Figure 5.9 shows the relative variation of the on-current versus the gate-source spacer length for devices with negative, zero, and positive barrier height for electrons, assuming ballistic transport. The results indicate that scaling of the gate-source space length affects the on-current of devices with positive barrier height more effectively.

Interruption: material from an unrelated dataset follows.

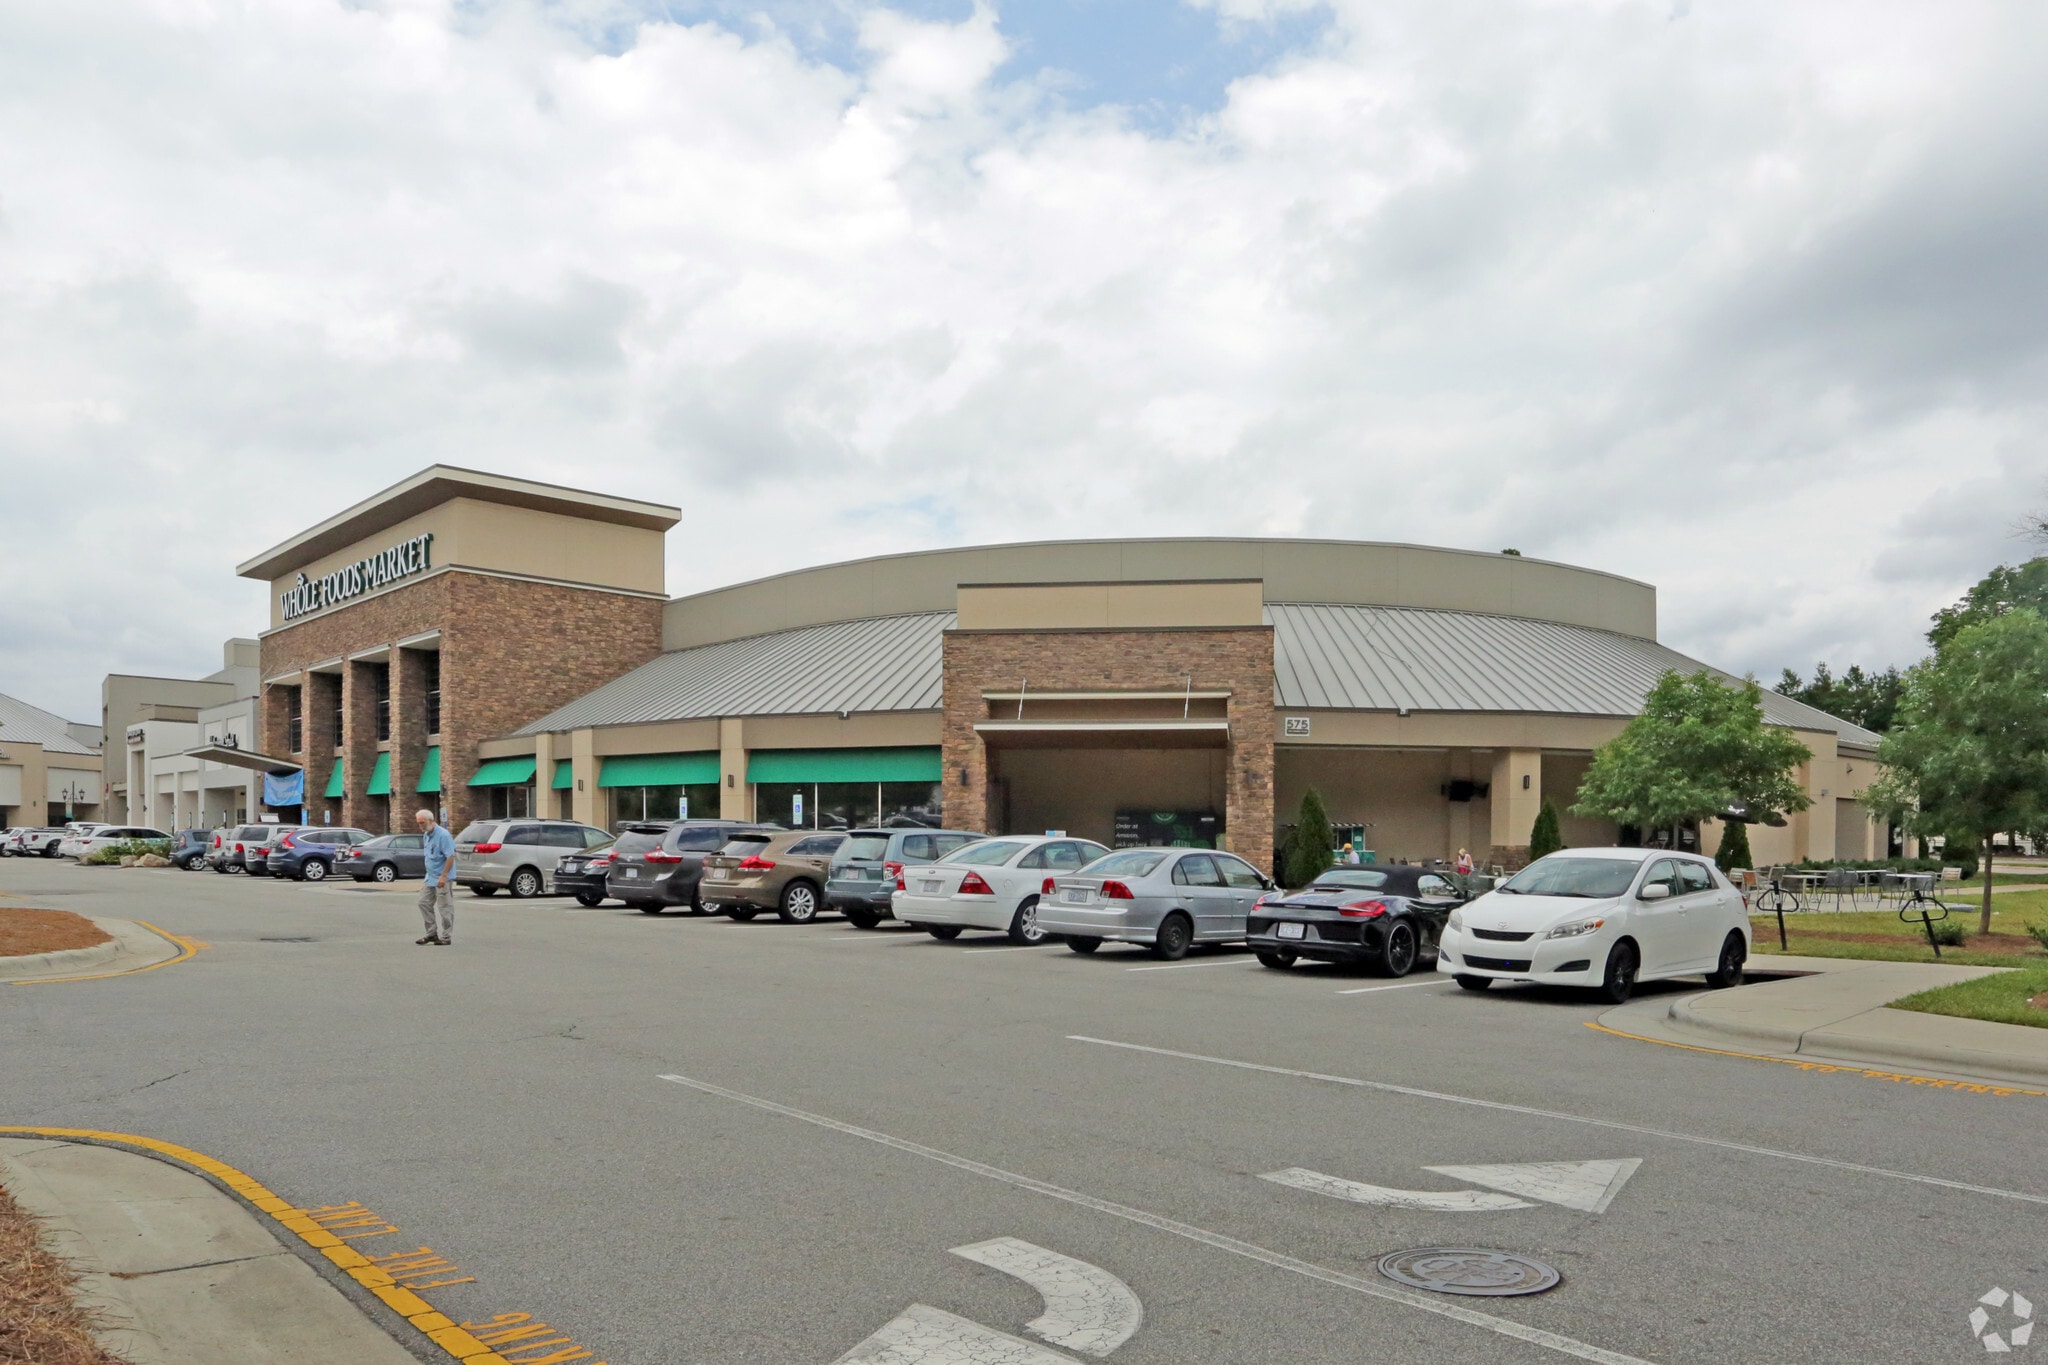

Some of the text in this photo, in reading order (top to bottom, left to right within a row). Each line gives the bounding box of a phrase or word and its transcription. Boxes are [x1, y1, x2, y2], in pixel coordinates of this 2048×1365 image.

Figure 5.10 shows the current density spectrum for devices with negative, zero, and positive barrier height for electrons, assuming ballistic transport. Electrons with energies lower than the barrier height have to tunnel through the source-sided metal-CNT interface barrier to reach the channel, whereas electrons with higher energies are injected by thermionic emission. The relative contributions of thermionic and tunneling strongly depend on the barrier height and the bias point. As shown in Fig. 5.10, at high gate bias even for devices with zero or negative barrier height the tunneling current contributes considerably to the total current. However, in a device with negative barrier height the tunneling current has a smaller contribution to the total current as compared to devices with non-negative barrier height. Therefore, the current is less sensitive to the variation of the gate-source spacer length (Fig. 5.9).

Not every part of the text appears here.